YOUR TASK: Give every entry below again, exactly as written, and skip the images.

Image-backed grounding data:
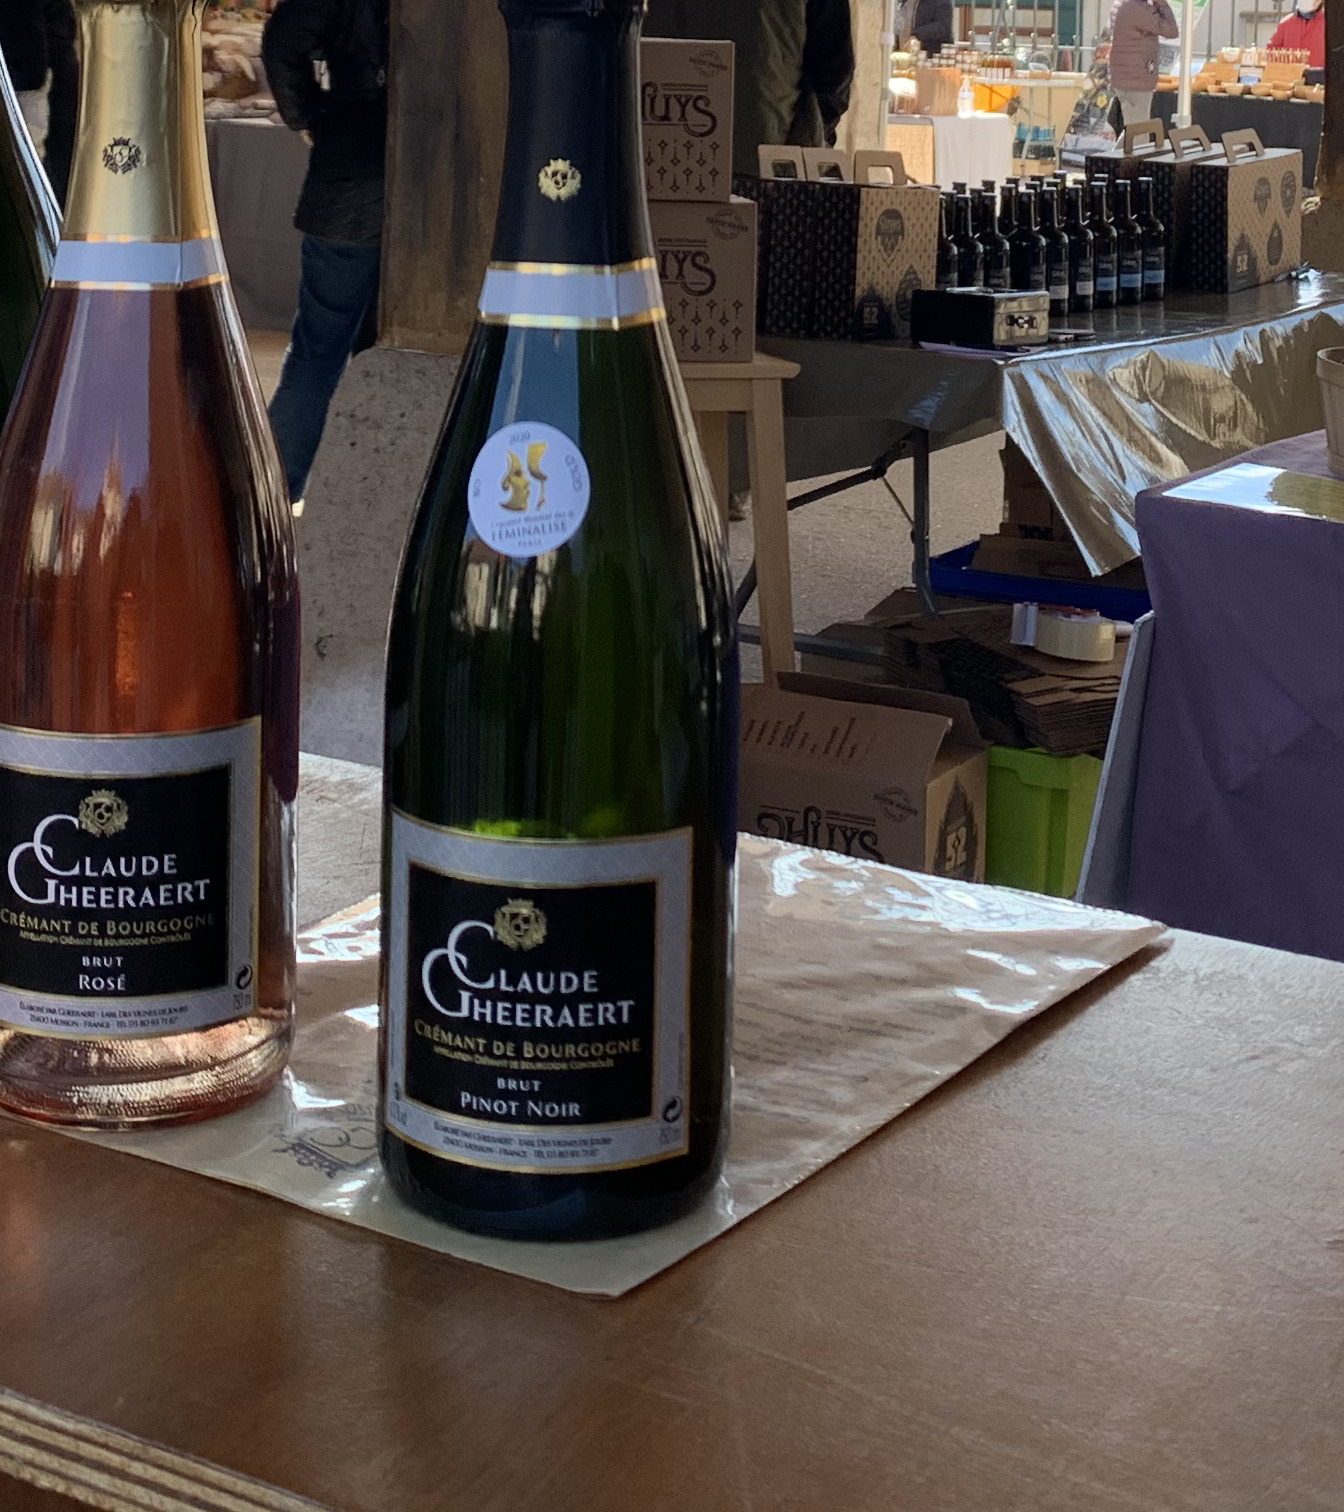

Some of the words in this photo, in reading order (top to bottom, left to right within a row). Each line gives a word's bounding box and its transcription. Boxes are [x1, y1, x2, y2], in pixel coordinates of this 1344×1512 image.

[34, 814, 177, 877] CLAUDE
[7, 842, 210, 908] GHEERAERT
[0, 908, 71, 934] CRÉMANT
[78, 921, 99, 935] DE
[107, 913, 215, 936] BOURGOGNE
[82, 956, 124, 968] BRUT
[448, 920, 599, 994] CLAUDE
[79, 972, 126, 991] ROSÉ
[422, 948, 635, 1028] GHEERAERT
[414, 1019, 487, 1053] CRÉMANT
[492, 1041, 516, 1057] DE
[522, 1038, 641, 1059] BOURGOGNE
[496, 1076, 541, 1091] BRUT
[460, 1091, 519, 1117] PINOT
[527, 1099, 581, 1118] NOIR

RESPONSE:
Some of the words in this photo, in reading order (top to bottom, left to right within a row). Each line gives a word's bounding box and its transcription. Boxes are [x1, y1, x2, y2], in pixel coordinates of this 1344×1512 image.

[34, 814, 177, 877] CLAUDE
[7, 842, 210, 908] GHEERAERT
[0, 908, 71, 934] CRÉMANT
[78, 921, 99, 935] DE
[107, 913, 215, 936] BOURGOGNE
[82, 956, 124, 968] BRUT
[448, 920, 599, 994] CLAUDE
[79, 972, 126, 991] ROSÉ
[422, 948, 635, 1028] GHEERAERT
[414, 1019, 487, 1053] CRÉMANT
[492, 1041, 516, 1057] DE
[522, 1038, 641, 1059] BOURGOGNE
[496, 1076, 541, 1091] BRUT
[460, 1091, 519, 1117] PINOT
[527, 1099, 581, 1118] NOIR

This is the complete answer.